Qualcomm Inc. (QCOM) saw its stock rise sharply in the second quarter and is having a big 2019, with shares up 29.7% versus an S&P 500 that is up by 13.5%. The strong start to 2019 has landed the stock on the WhaleWisdom heat map in the third position from a previously unranked position.
The strong performance followed news that Apple Inc. (AAPL) would drop its lawsuit against Qualcomm. Meanwhile, the two companies also signed a new licensing agreement. The news sent shares of Qualcomm soaring by as much as 56% from April 15 through May 3.
Smart Funds Were Buying
By the end of the second quarter, 21 hedge funds held Qualcomm in their portfolio. WhaleWisdom tracks 150 of the top hedge funds to use for the ranking of its heat map. Of the 21 hedge funds that owned the equity, nine of the funds added the equity to their holdings, while 11 decreased their positions. Additionally, two of the funds held the stock as a top 10 holding.
The Rest Were Selling
Interestingly, while the top hedge funds were buying the stock, the rest were dumping it. The total number of 13F shares held declined by nearly 17% to 61.6 million. In total, 40 funds created new positions in the equity, as 31 added to their holdings. Meanwhile, 50 were reducing their exposure, as 16 closed out their positions.

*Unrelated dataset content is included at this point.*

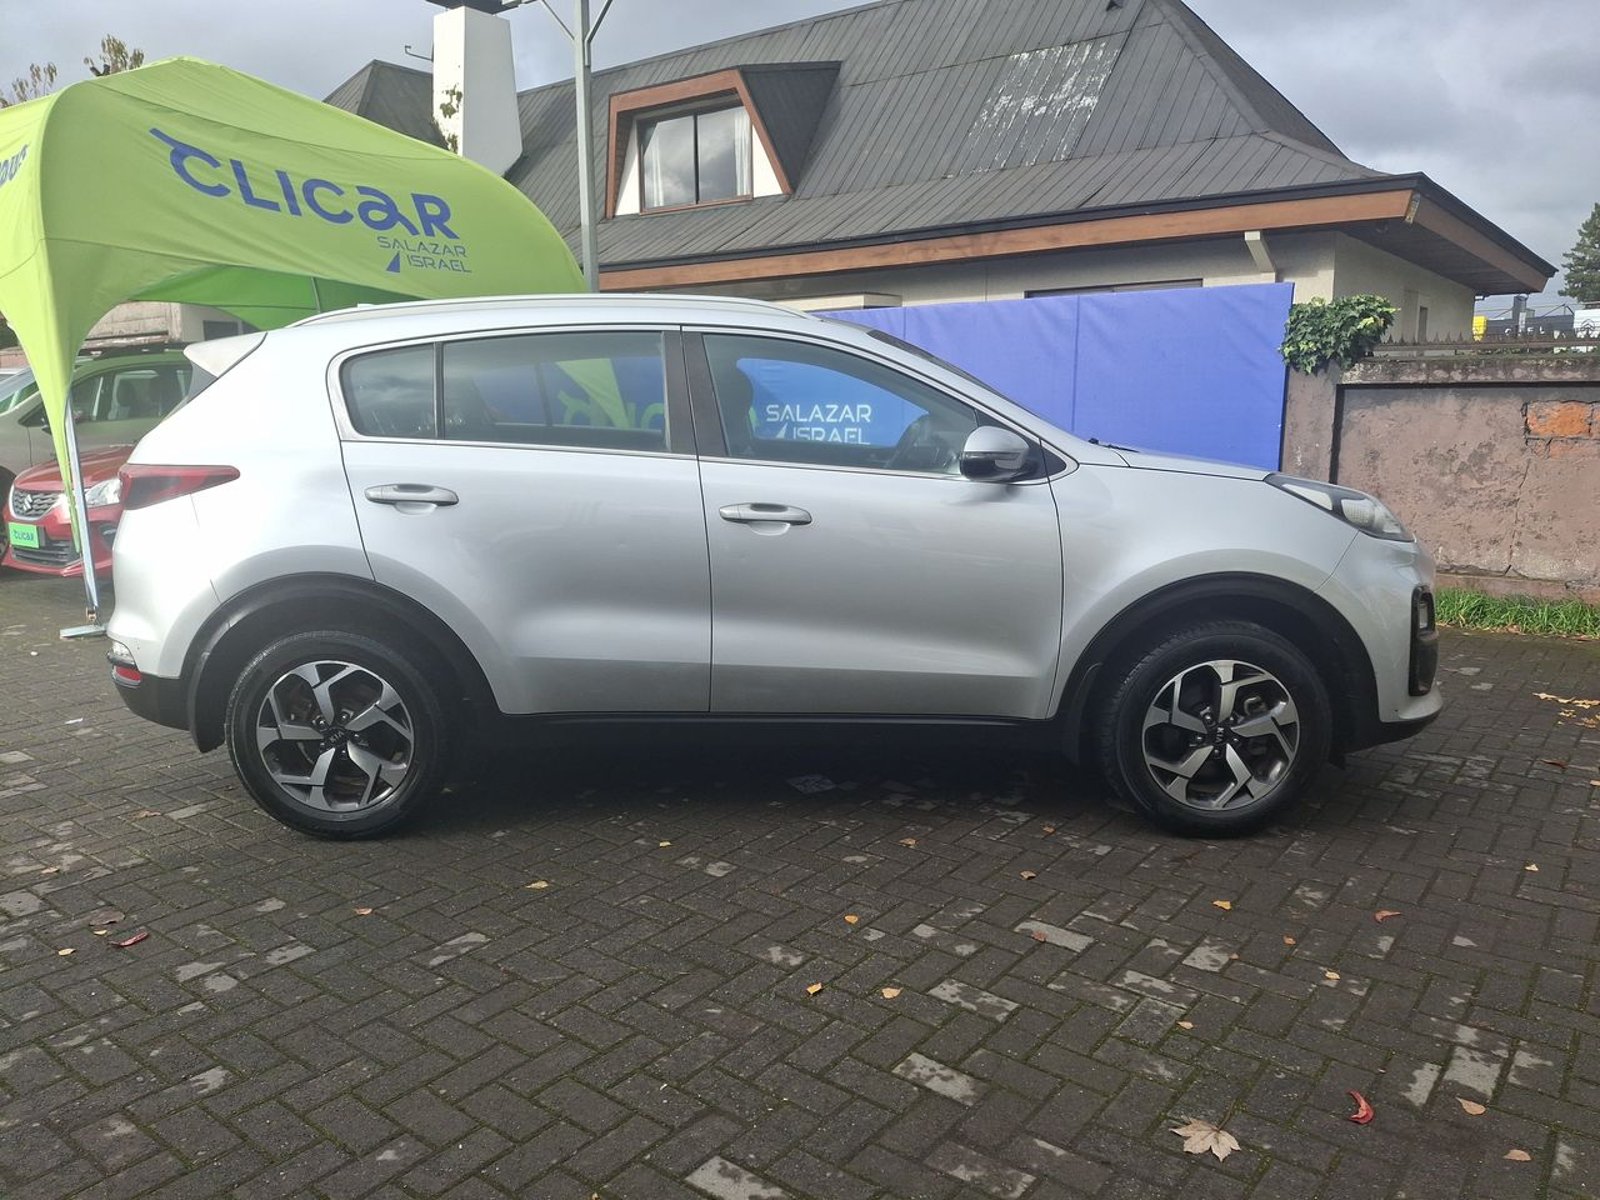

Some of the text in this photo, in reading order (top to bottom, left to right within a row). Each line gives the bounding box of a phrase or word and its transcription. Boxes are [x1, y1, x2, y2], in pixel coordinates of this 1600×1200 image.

[377, 235, 468, 258] SALAZAR
[407, 254, 472, 274] ISRAEL
[765, 404, 872, 423] SALAZAR
[793, 426, 871, 445] ISRAEL

The settlement with Apple does remove some of the uncertainty that has been surrounding the stock for some time. Additionally, it does offer some visibility for Qualcomm’s path forward for revenue and earnings growth.
Growth to Return
Analysts currently estimate that revenue for the business will grow by 15% in 2020 to $22.1 billion. That is expected to be followed by growth of over 20% in 2021 to 26.6 billion. Meanwhile, earnings are expected to grow even faster over the next two years, climbing by 24% in 2020 to $4.30 per share. That is followed by growth of nearly 40% in 2021 to $6.01 per share.

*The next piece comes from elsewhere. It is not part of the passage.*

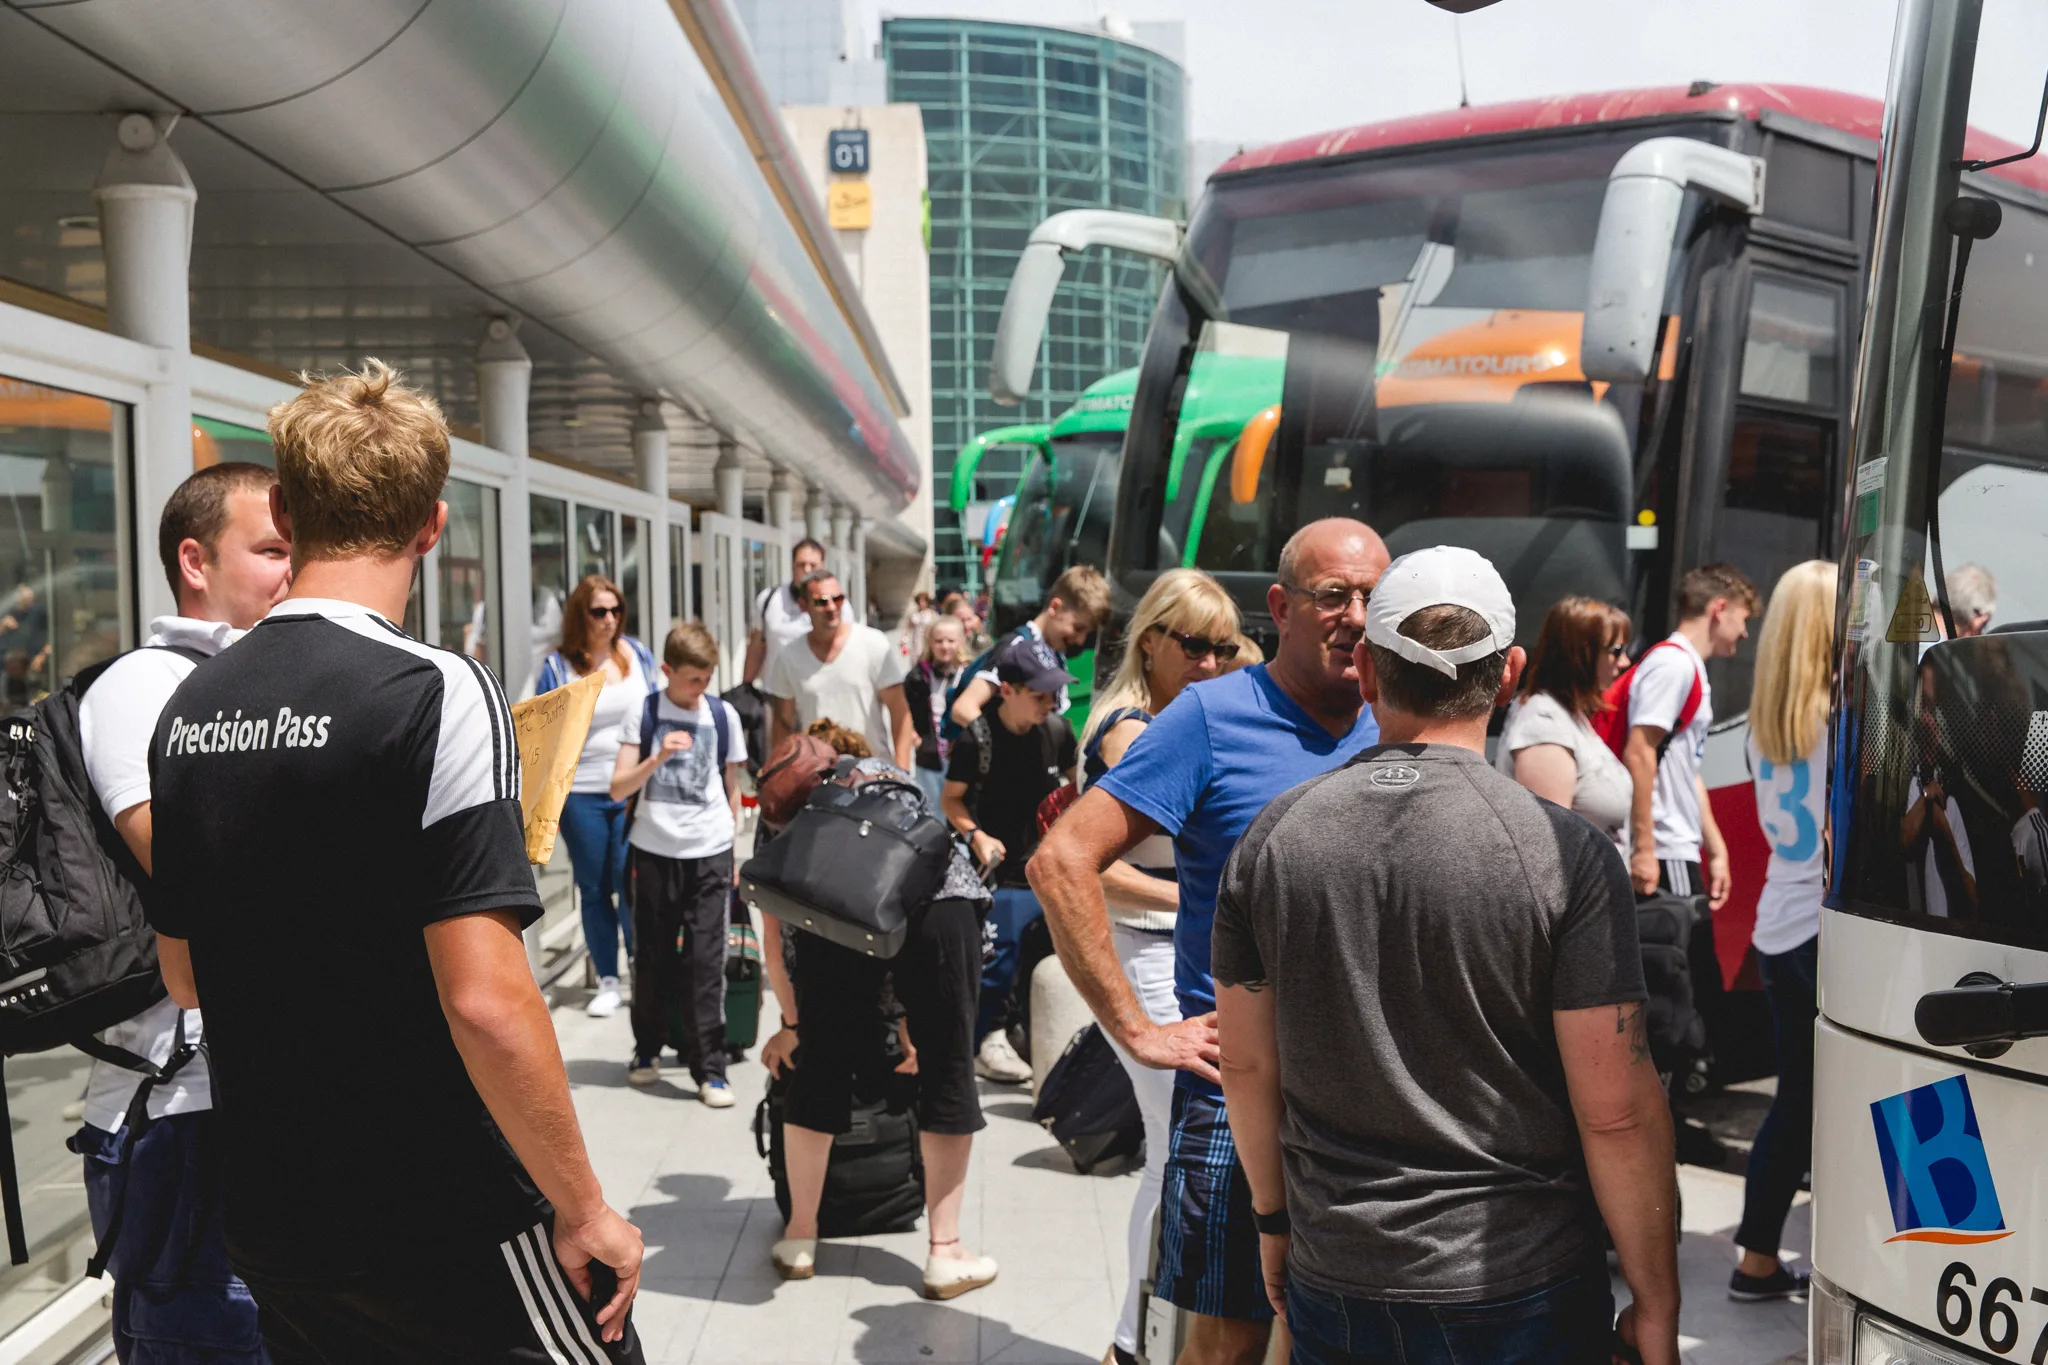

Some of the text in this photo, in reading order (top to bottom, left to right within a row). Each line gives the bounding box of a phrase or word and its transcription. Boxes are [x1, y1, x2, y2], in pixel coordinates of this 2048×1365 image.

Growth has been hard to find for Qualcomm over the past few years, with years of declining revenue. Suddenly, the company’s fortune has appeared to change, especially as the fifth generation of wireless technology (5G) rolls out, an area where Qualcomm should benefit.
It makes the stock’s current valuation of roughly 17 times 2020 earnings estimates desirable. Based on earnings growth for the year 2020, the stock trades with a price to growth PEG ratio of less than one, at 0.72. It means shares of the company are cheap.
Should revenue and earnings growth prove to be as strong as estimates, then the stock’s recent advance may only be a starting point.